Lab 1 - Introduction - Full Stack Deep Learning

The Full Stack·
5 min read

Based on The Full Stack's video on YouTube. If you like this content, support the original creators by watching, liking and subscribing to their content.

TL;DR

The target app pipeline is modular: a web backend decodes images, a compiled prediction model performs inference, and training code produces the weights used for serving.

Briefing

The lab setup centers on building a production-minded deep learning pipeline for a text-recognition app—turning an uploaded page image into a clean transcription—while giving participants a structured codebase to train and evaluate models. The workflow is split into three interacting modules: a web backend receives an image, a compiled prediction model performs inference, and training code produces the model weights used for serving. Inference itself is staged: a line detector first extracts individual text lines from the full image, then a line text recognizer converts each line into text, and the results are returned to the backend for API-ready output.

Before any modeling begins, the course walks through getting access to a managed compute environment using Weights & Biases (W&B). Participants sign up at an app.wandb.ai site, then redeem a token to unlock a Jupyter hub environment. Each user receives access to two GPUs, and the lab notebooks run in a web-based JupyterLab interface already configured for the class. If setup stalls, help is routed through a Slack channel, and the intent is to minimize local laptop friction so learners can focus on understanding and improving the codebase over the following month.
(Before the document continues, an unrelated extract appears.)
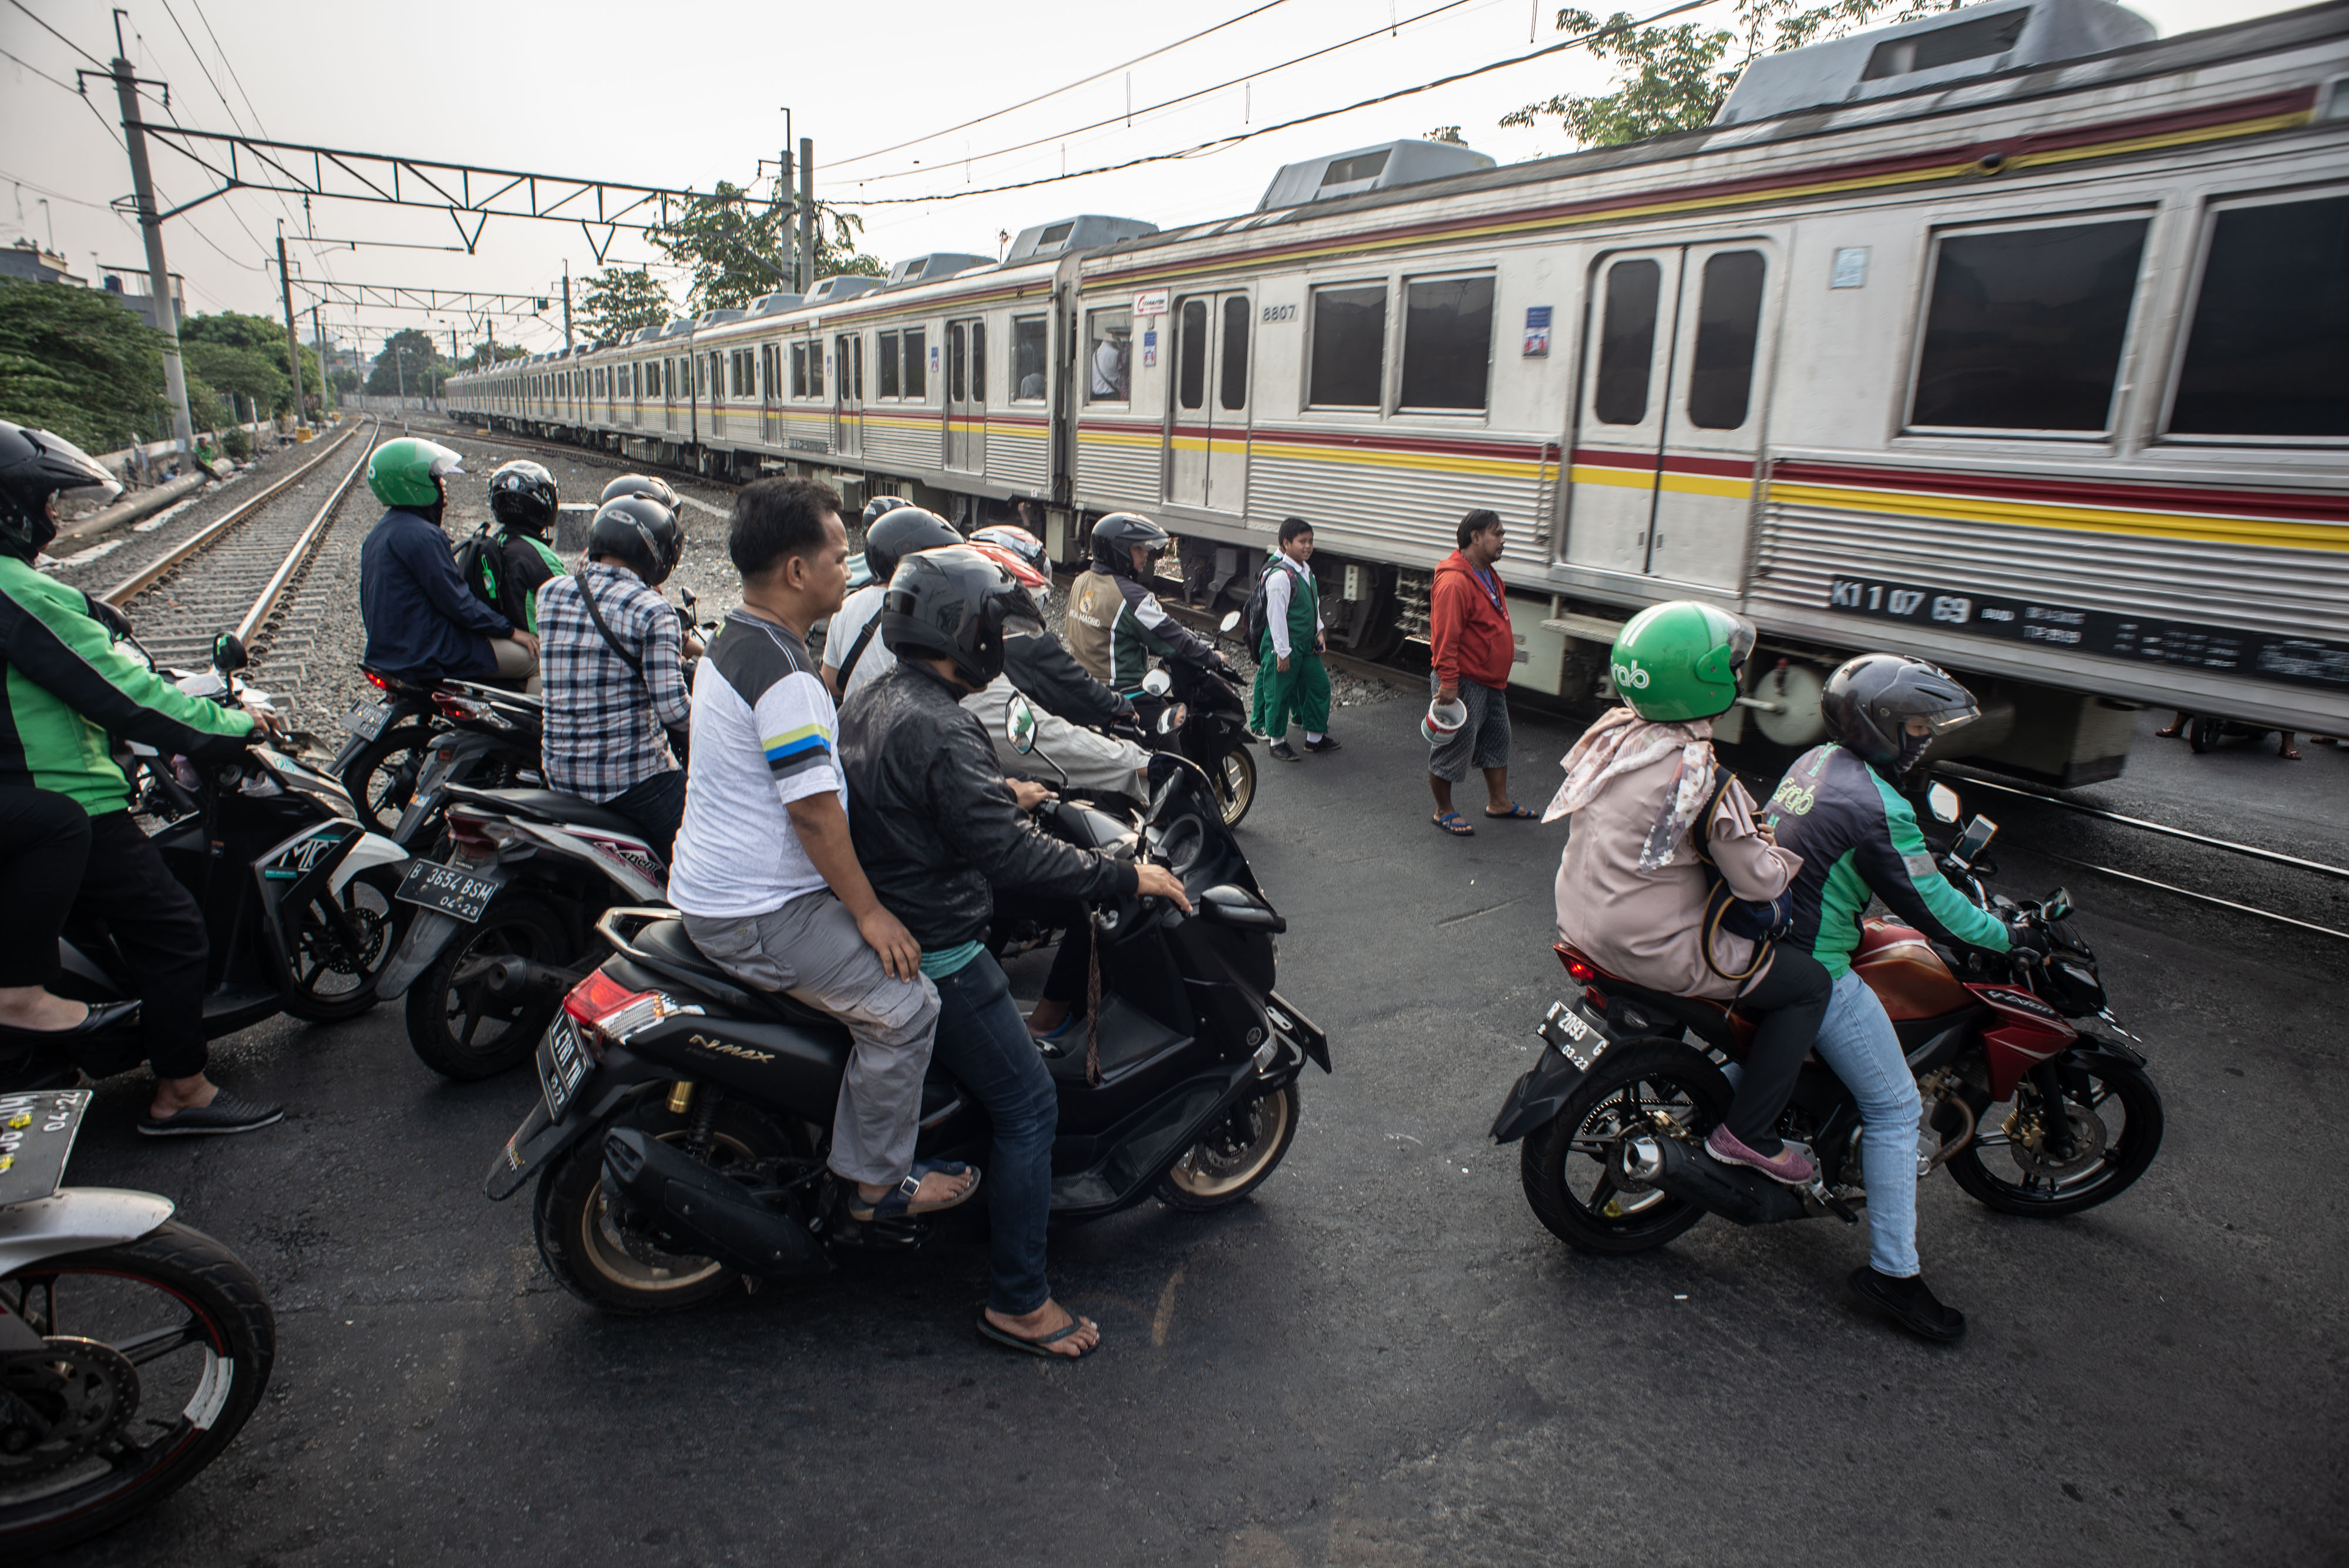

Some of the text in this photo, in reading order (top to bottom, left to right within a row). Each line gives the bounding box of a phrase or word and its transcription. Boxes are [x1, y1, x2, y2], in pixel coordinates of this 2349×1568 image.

Lab 1 then lays out the architecture and the learning path. The first lab trains a “simple character predictor” rather than tackling full page transcription immediately. The system starts with predicting a single handwritten character from an image, using the EMNIST dataset (an extension of MNIST with 80 classes including digits, uppercase letters, lowercase letters, and a few symbols). Participants inspect dataset statistics and image shapes (700,000 training images of size 28×28) and visualize samples to build intuition about what the model is learning.

A major portion of the session is devoted to how the repository is organized. At the top level, notebooks support data exploration; tasks provide reusable scripts for common commands; training contains the scalable training entry points; and the text recognizer package holds the core logic. Inside that package, datasets manage downloading, preprocessing, augmentation, and loading into TensorFlow (while keeping raw data external to version control). Networks define “dumb” input-output architectures (e.g., an MLP that flattens 28×28 images into vectors and stacks dense layers with softmax, or a CNN-style LeNet-like option using convolutional layers). Models wrap those networks with training functionality—loss functions, optimizers, metrics, weight saving/loading, evaluation, and a fit loop.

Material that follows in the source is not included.